小林は現在も1日200球、週に1000球は練習場で打ち、週1ラウンドのペースでゴルフに取り組みます。
「いろいろな距離のショートゲーム練習で球数の半分を打ち、残りはいろいろな番手をマン振りしますね。暇があればパター練習もしていますよ」

1番パー4。ティーグラウンドからは広々して見えるが、フェアウェイ・グリーンのアンジュレーションや硬さが選手を翻弄
小林は地元、埼玉で人気のレッスンプロ。以前は毎日だったレッスンの仕事を週4日に減らしました。今は残りの1日をラウンドに、2日を今まで支えてくれた奥さまのためにできる限り使っているのです。
「旅行にも行きますよ。子どもがいないから嫁を大事にしないとね。ゴルフばっかりやってきたから」

〝とにかく明るい″が屋号。小林茂はこの日も、「ゴルフができることに感謝」しながら元気いっぱい挑んでいた
1年ぶりの世界大会を「これが最後のつもりで頑張っています」としみじみ語る小林。
「やっている以上、上位に行きたいけど、何よりこういう大会に参加できて、いろいろな人と話ができるのがいい。若い選手は飛ぶ。それを見られることもやっぱり刺激になります。ここまでゴルフができて楽しいですし、本当に幸せだなあ。他の人ができないいろいろな経験ができていますから」と、相変わらずニコニコ楽しそう。そのままの勢いでスタートホールに立ち、ベストポジションにナイスショット。周りの「ベリーグッド!」の声に「サンキュー!」と答えつつ、小さな声で「緊張するねえ」とつぶやきながらスタートしてったのでした。

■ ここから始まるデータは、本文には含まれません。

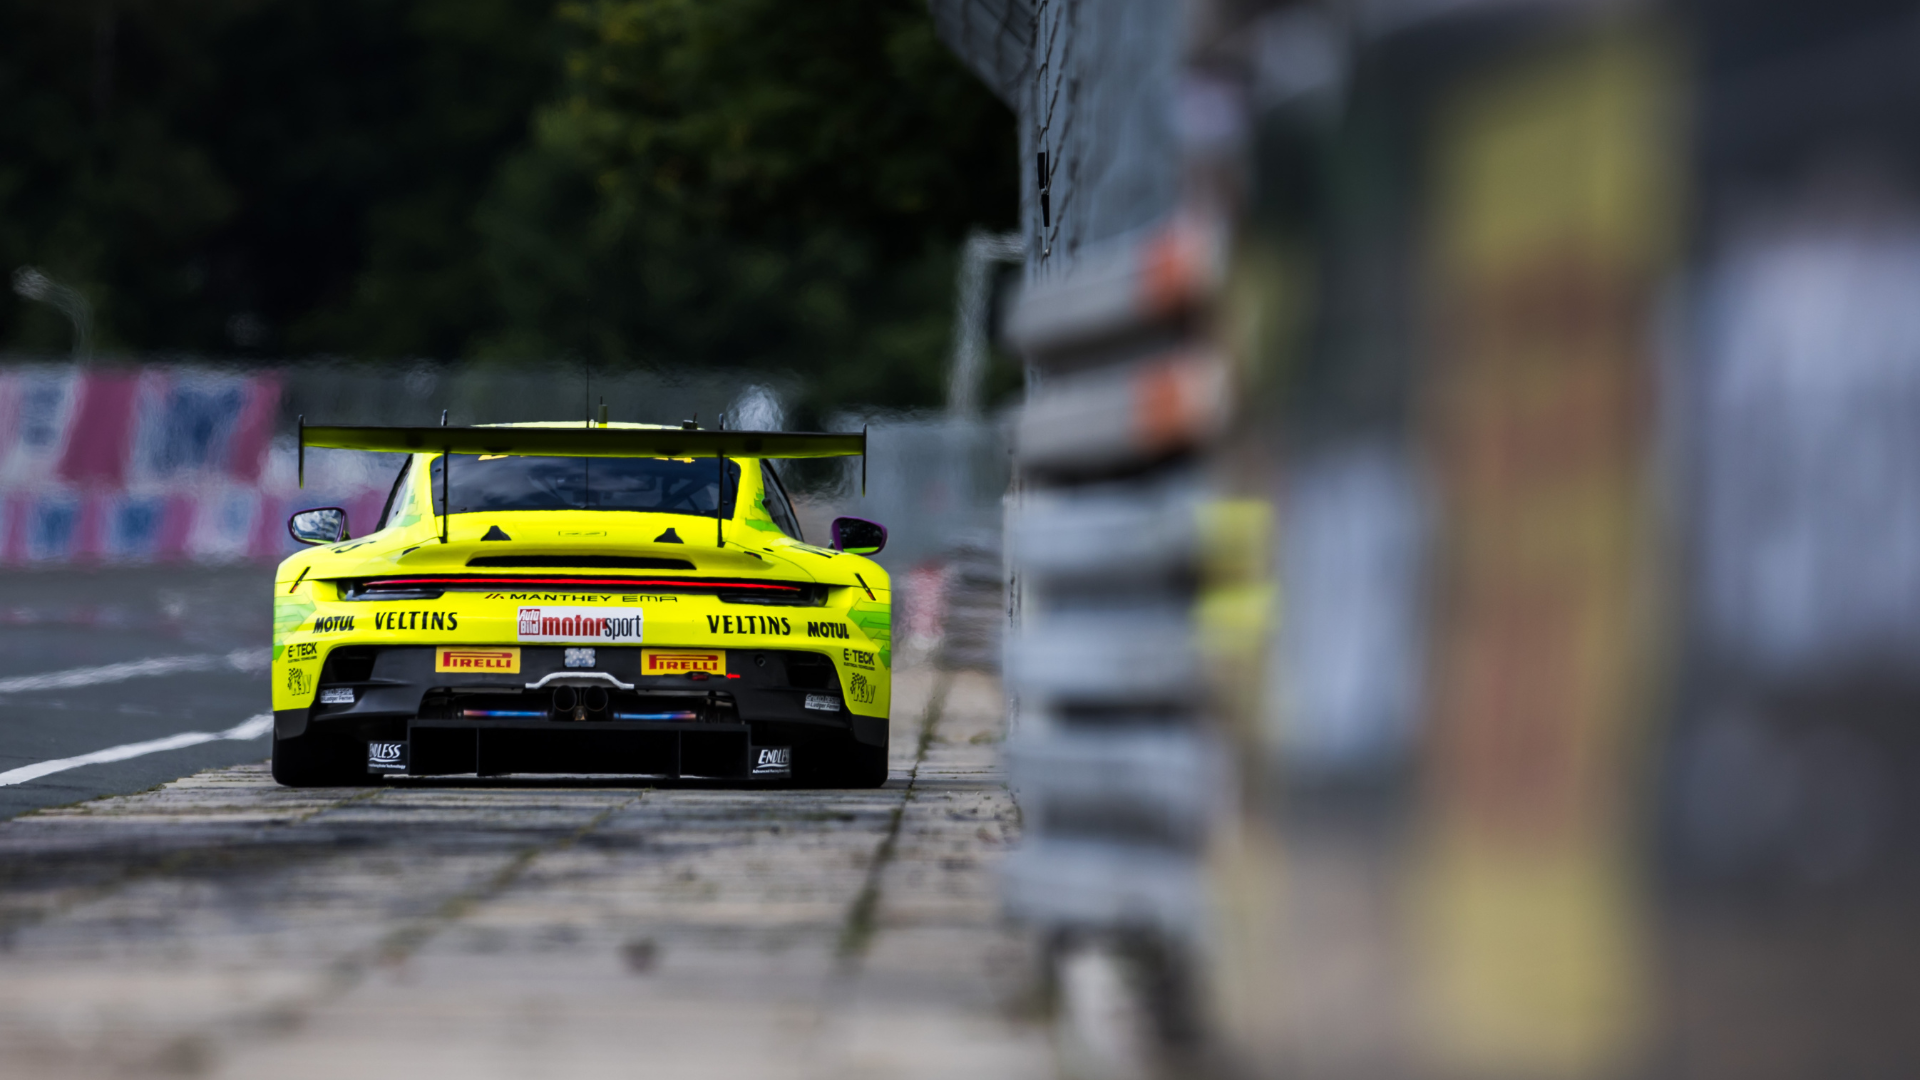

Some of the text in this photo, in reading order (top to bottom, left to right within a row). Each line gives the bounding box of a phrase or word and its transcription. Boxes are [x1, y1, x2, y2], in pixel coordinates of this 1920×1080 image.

[510, 593, 612, 602] MANTHEY
[313, 615, 355, 634] MOTUL
[375, 611, 458, 631] VELTINS
[706, 615, 791, 636] VELTINS
[807, 621, 850, 639] MOTUL
[443, 651, 513, 668] PIRELLI
[649, 654, 718, 670] PIRELLI
[757, 748, 790, 764] ENDLE
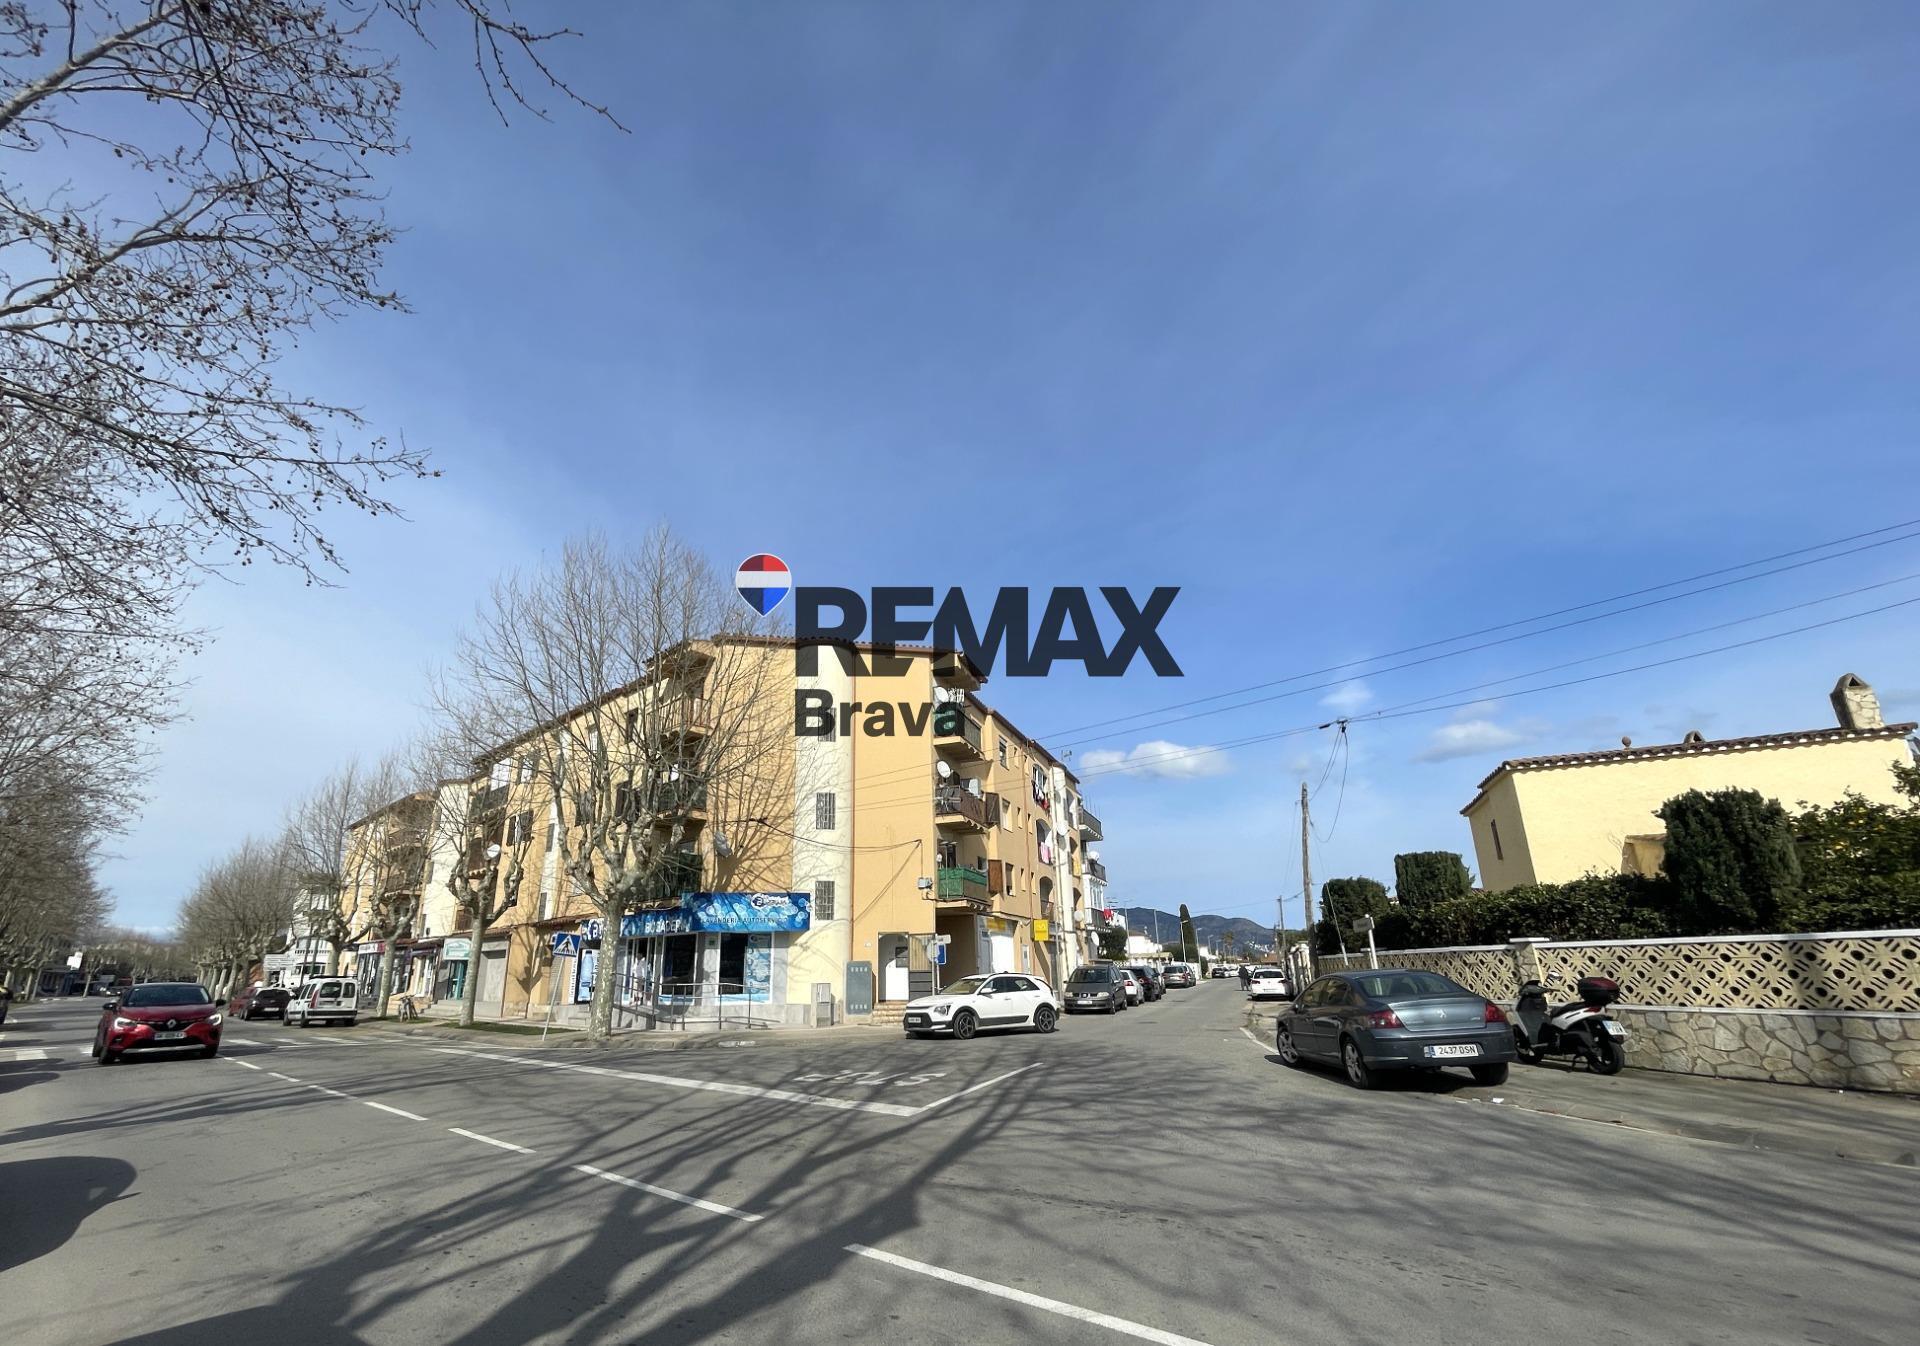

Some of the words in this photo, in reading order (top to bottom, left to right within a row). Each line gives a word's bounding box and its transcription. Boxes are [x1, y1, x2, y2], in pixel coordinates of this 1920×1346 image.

[702, 917, 740, 925] LAVANDERI
[1438, 1046, 1457, 1055] 2437
[1459, 1045, 1476, 1054] DSN

セルティックマナー(トゥエンティテンコース)は過去2回ライダーカップを開催。至るところに当時の写真やロゴが飾られている
この日もお昼くらいに雨が降り、一時ヒョウまで吹きつけ一瞬グリーンに積もる天候に。イギリスらしいといえばそれまでですが、日本選手3人も気温の変化や難コースにイマイチ対応できず、初日の結果は、小山田が82で総合31位タイ、吉田が85で総合42位、小林が84で総合38位タイ。

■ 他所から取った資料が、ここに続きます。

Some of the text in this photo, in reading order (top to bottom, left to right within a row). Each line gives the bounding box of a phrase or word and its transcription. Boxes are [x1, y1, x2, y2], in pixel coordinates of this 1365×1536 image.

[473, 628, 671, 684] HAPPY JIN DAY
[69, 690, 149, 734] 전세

スタートゲートをくぐる小山田雅人。今年も挑戦が始まった。「70台が出ない気がしないんですけど、グリーンが勝負ですね」
ホールアウト後3人で細かいプレーを反省・分析しながら小林は、「同じ組の2人とも飛ぶから20~30ヤード置かれていくし、2人とも2打目はアイアンだからね。それにやっぱりグリーンが難しくて、エッヂからダボになったりする。でも本当に勉強になりますよ。いろいろあったけど、楽しかったよ」とニコニコ。

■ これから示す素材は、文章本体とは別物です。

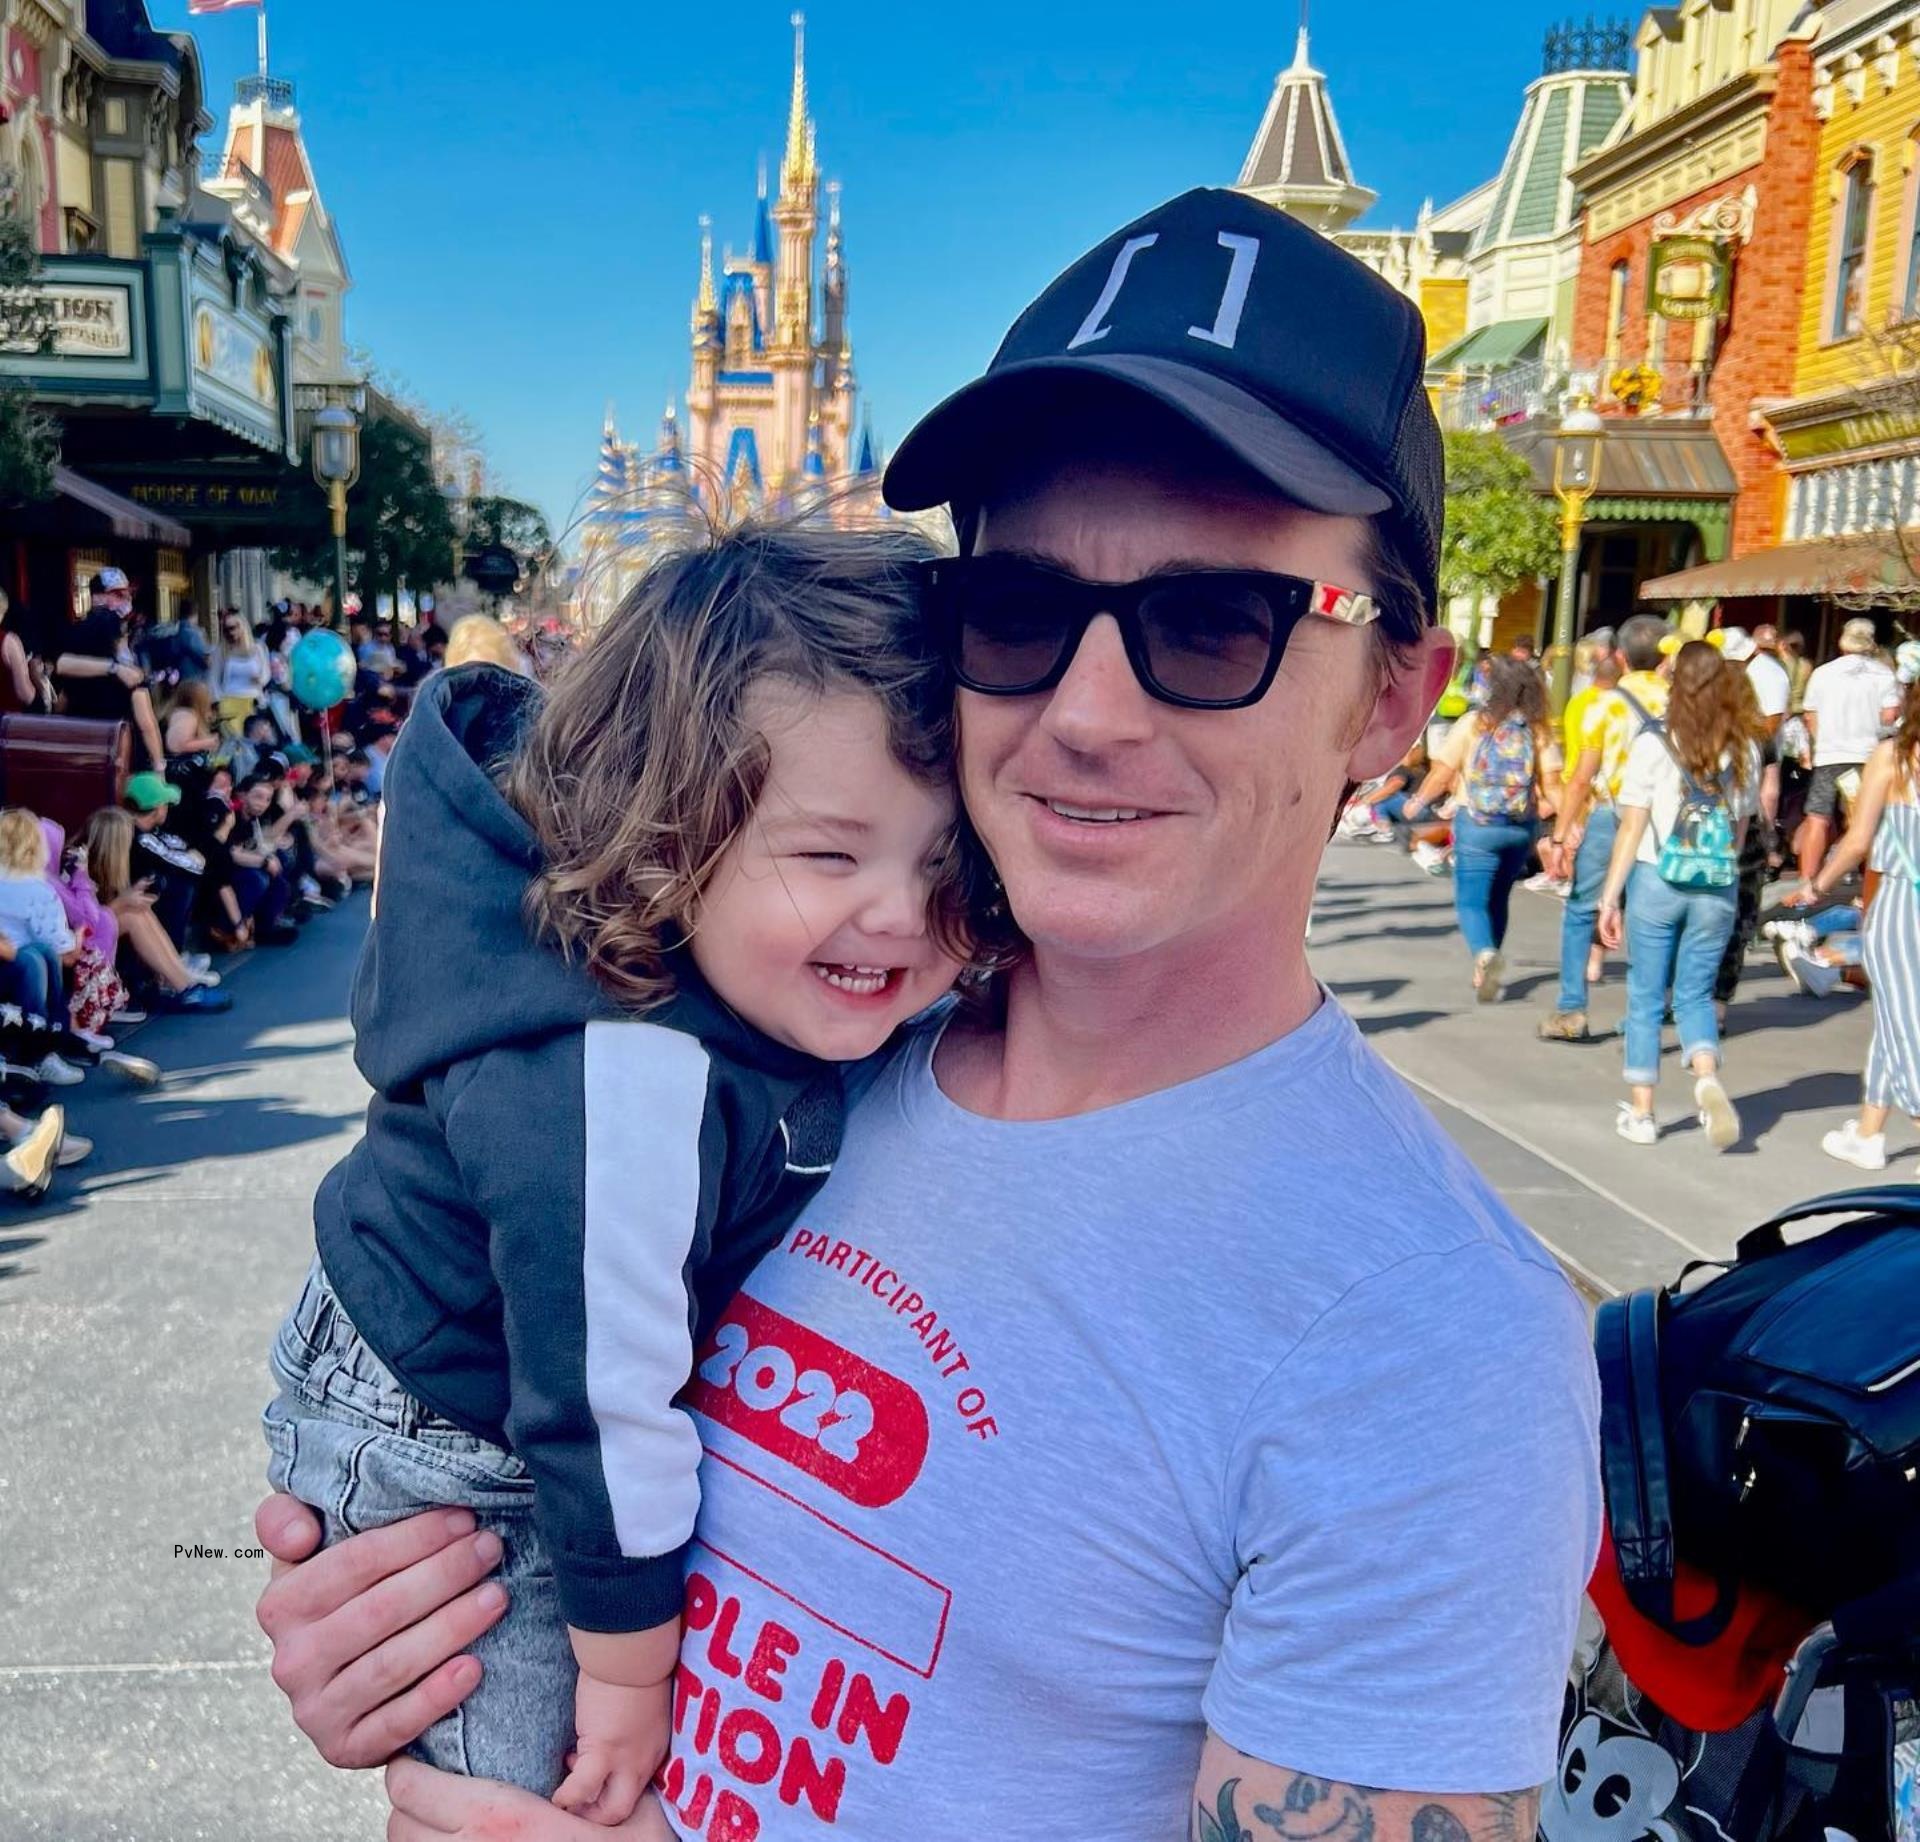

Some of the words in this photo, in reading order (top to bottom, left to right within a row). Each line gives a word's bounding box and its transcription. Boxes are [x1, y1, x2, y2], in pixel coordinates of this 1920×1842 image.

[699, 1322, 874, 1464] 2022
[788, 1228, 970, 1378] PARTICIPANT
[956, 1386, 998, 1441] OF
[673, 1660, 847, 1824] TION
[811, 1658, 911, 1766] IN

本大会は全員が個別にカート使用。18番ホールでもカートからニコニコ手を振る小林。「天候が変わりすぎて辛いけど頑張ります!」
「明日がんばらないと明後日回れないからね」と予選カットに気を引き締めつつ、引き続きゴルフ自体を楽しもうとする姿勢を崩しません。これこそが明日につながるのだと思います。